Early in his career, Robert Spitzer was thrust into what was to become a heroic role that may have saved psychiatry as a medical specialty. Psychiatry was under siege by critics and in a crisis of credibility in the mid-1970s when he was appointed to oversee the revision of the American Psychiatric Association's Diagnostic and Statistical Manual of Mental Disorders. Prior to that appointment, Spitzer’s career had focused on the measurement of psychopatholgy and the development of survey instruments and structured interviews, culminating in 1978 with the development of the Research Diagnostic Criteria and its companion interview, the Schedule for Affective Disorders and Schizophrenia (SADS). Other contributions included developing the Structured Clinical Interview for DSM (SCID), which has become the most widely used structured diagnostic instrument for research, and the Patient Health Questionnaire (PRIME-MD) that is now widely used in primary-care medicine for screening and diagnosis of depression and for monitoring response to treatment.

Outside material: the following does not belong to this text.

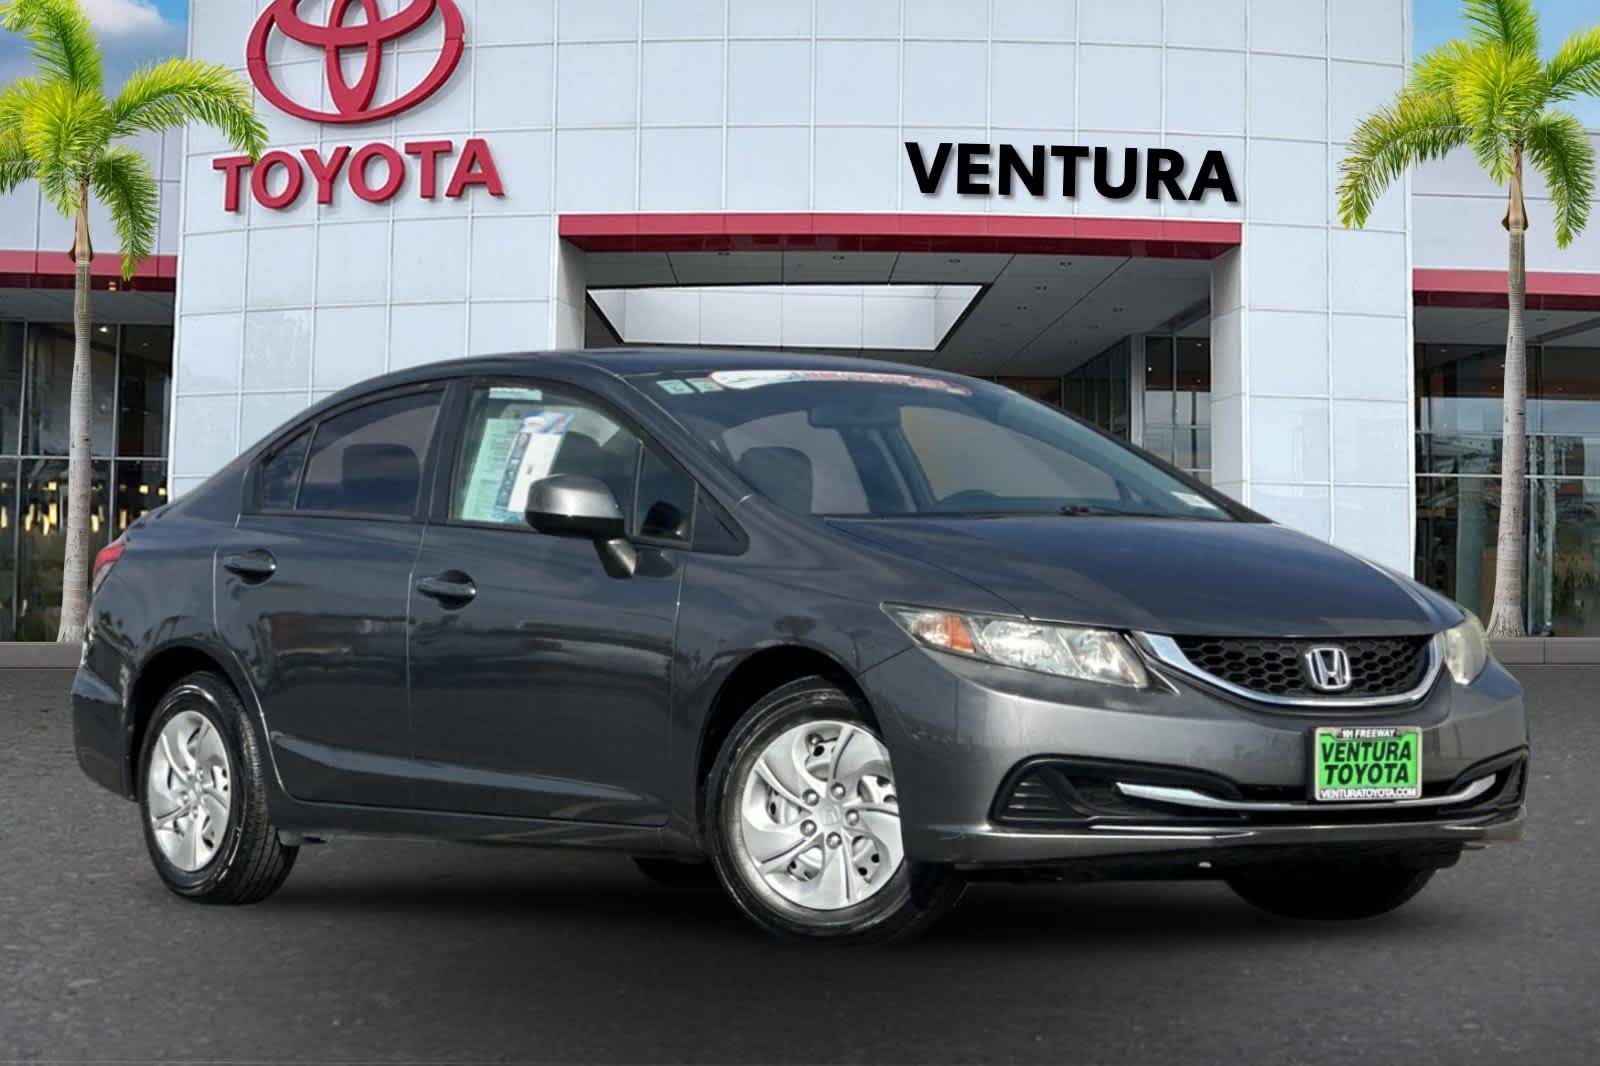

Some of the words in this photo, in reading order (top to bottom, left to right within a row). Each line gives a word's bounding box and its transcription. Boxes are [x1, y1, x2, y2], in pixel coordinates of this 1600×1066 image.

However, the seminal achievement of Spitzer’s career was the establishment of a psychiatric diagnostic system that was empirically based on uniform standards. His exceptional intellectual, organizational, editorial, and political skills were put to test in the production of the DSM-III, which required the development of operationalized diagnostic criteria for every mental disorder in the face of opposition by the then prevailing psychoanalytic community as well as the growing anti-psychiatry movement. Among its key attributes were its specification of symptoms and good diagnostic reliability, which resulted in its consistency across the mental health-care community and widespread acceptance by researchers and clinicians in the USA and internationally. Among the new diagnoses championed by Dr Spitzer as part of the DSM-III process was post-traumatic stress disorder, which was added in the context of increased recognition of the psychological wounds of combat exposure among soldiers returning from the Vietnam War.

Perhaps Spitzer’s most famous achievement was the removal of the diagnosis of homosexuality as a mental disorder. In the early 1970s after meeting with gay-rights advocates, he examined the evidence for homosexuality as a pathologic condition. The issue was extremely contentious, but, in 1973, ultimately he concluded that there was no evidence to support same-sexual orientation as a pathologic condition. Consequently, he engineered a deal by which the diagnosis was replaced by ‘sexual orientation disturbance,’ to describe people whose sexual orientation, gay or straight, caused them emotional distress, making it clear that sexual orientation in and of itself was not the grounds for a diagnosis of a mental disorder. This paved the way for the eventual societal acceptance of homosexuality as a normal variation in sexual attraction.

Above all, Spitzer was a seeker of the truth who was fiercely determined and intellectually rigorous. He was a unique person who admirably served the field of psychiatry and will sorely be missed.